El Hospital Provincial Clínico Quirúrgico Docente Faustino Pérez de Matanzas prepara un plan de contingencia ante la situación de déficit de combustible que atraviesa el país, lo que se traduce en reajustes en asistencia la asistencia médica, aseguramiento de medicamentos e insumos, y la parte administrativa. Taymí Martínez Naranjo, directora del centro asistencial ofreció los pormenores a Periódico Girón.
«La primera medida constituye la reorganización del recurso humano, sobre todo enfermería. Tenemos un por ciento importante de enfermeras que viven en los municipios y se van a estar dando indicaciones con varias fases donde se van a reorganizar las salas y a concentrar los pacientes.
«El personal de Matanzas seguirá acudiendo al hospital. Prepararemos turnos de 12 horas para que puedan permanecer algunos enfermeros acá. Cada uno de los servicios está haciendo una reorganización de su personal y los médicos, que no puedan acudir al hospital, se van a quedar trabajando en los hospitales territoriales.
«Hemos suspendido inicialmente la cirugía electiva por indicación del Ministerio de Salud Pública. Es un hospital que mantiene su vitalidad, que mantendrá la cirugía de urgencia y emergencia. Se ha disminuido la consulta externa aunque hay servicios que la mantienen sin tanta afectación”.
-¿Y los aseguramientos médicos?
«Desde el punto de vista del aseguramiento médico, se han concentrado las compras y se han hecho de manera escalonada los horarios para la recogida de los medicamentos a empresas como ENSUME y ENCOMED.
«Importante también es la optimización del recurso Diesel que se utiliza en las calderas. Las calderas dan vitalidad a la cocina-comedor, la lavandería, el secado de la ropa y también a la esterilización del material que se utiliza en el hospital, el que debe esterilizarse. Lo previsto es hacer el proceso de esterilización en el horario de la mañana, aunque tenemos algunas unidades portátiles que son eléctricas que intercalamos para no usar la de vapor. Hasta ahora tenemos garantizado el combustible de los grupos electrógenos.

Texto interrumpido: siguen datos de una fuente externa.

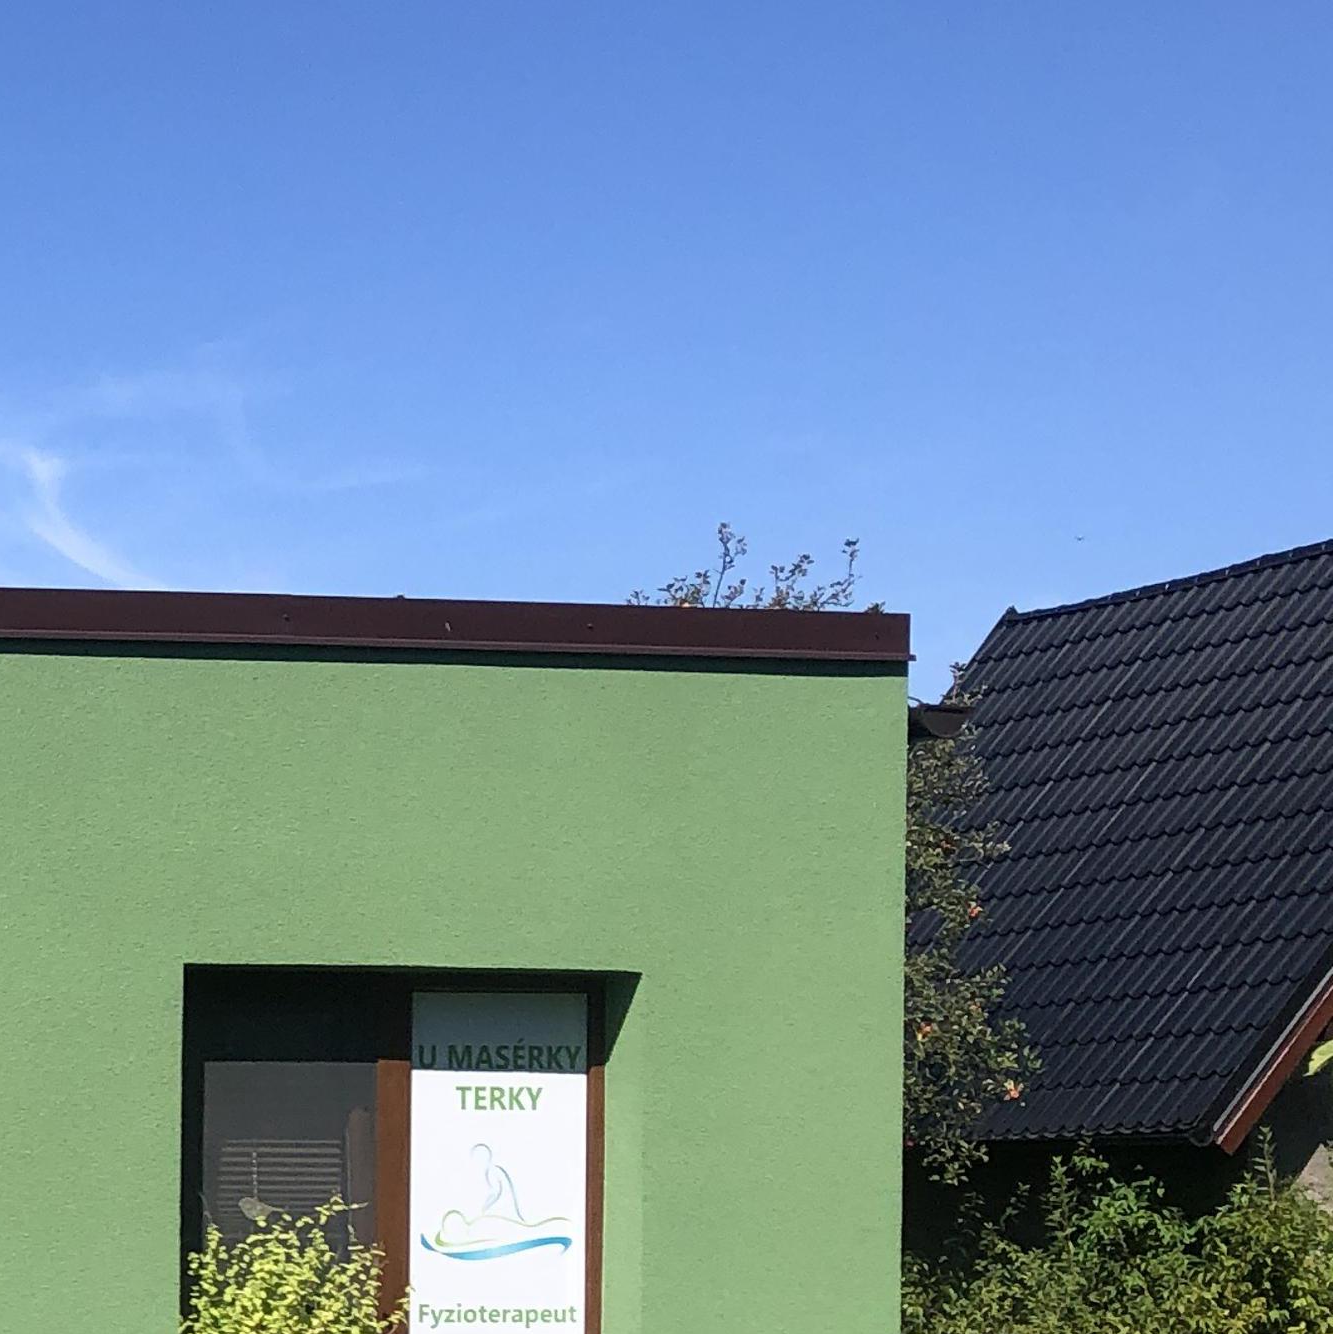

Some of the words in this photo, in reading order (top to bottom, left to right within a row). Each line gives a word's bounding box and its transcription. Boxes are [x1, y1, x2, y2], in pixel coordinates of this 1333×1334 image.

» Se hizo un comunicado ya a los jefes de servicio, para que cada uno elabore su plan de contingencia, con los reajustes. El hospital ha tenido otros momentos especiales donde hemos aplicado planes parecidos, como cuando la COVID-19.
«Estas estrategias van desde la gestión hospitalaria, la optimización del recurso humano, el reajuste de las salas de hospitalización, y el aseguramiento médico y administrativo. Esto es algo que estamos retomando, obviamente con las peculiaridades que tiene ahora esta nueva situación, pero ya estamos acostumbrados a gestionar la crisis”.
-¿Cuánto avanza el hospital en el cambio de la matriz energética?
“Contactamos una mipyme, ya tenemos un diagnóstico previo y en este mes deben instalarse una parte de los paneles solares. Este proyecto inicial es de Medicuba Suiza, pero vamos a tener también una escalada para generar más, instalar más paneles y entra un proyecto de Luxemburgo que forma parte de la organización Medicuba Europa.
«Los primeros paneles no alcanzan para abastecer todo el hospital, pero sí vamos a garantizar áreas imprescindibles como la terapia intensiva y salones de operaciones. En ellas se atienden urgencias y emergencias, y además los pacientes ventilados que dependen de la energía eléctrica para que el ventilador funciones, aunque algunos modelos tienen unas horas de respaldo.
«También los médicos están entrenados en qué hacer cuando no tenemos fluido eléctrico. Ya hemos pasado por varios momentos en que el Sistema Electroenergético Nacional se ha desconectado, existe una experiencia sobre los protocolos a seguir.
«Estamos comprometidos con generar a través de paneles todo lo posible porque eso se traduce en más energía que queda para distribuir a la población, que al final no somos más que nosotros mismos cuando terminamos un turno de trabajo y vamos para la casas».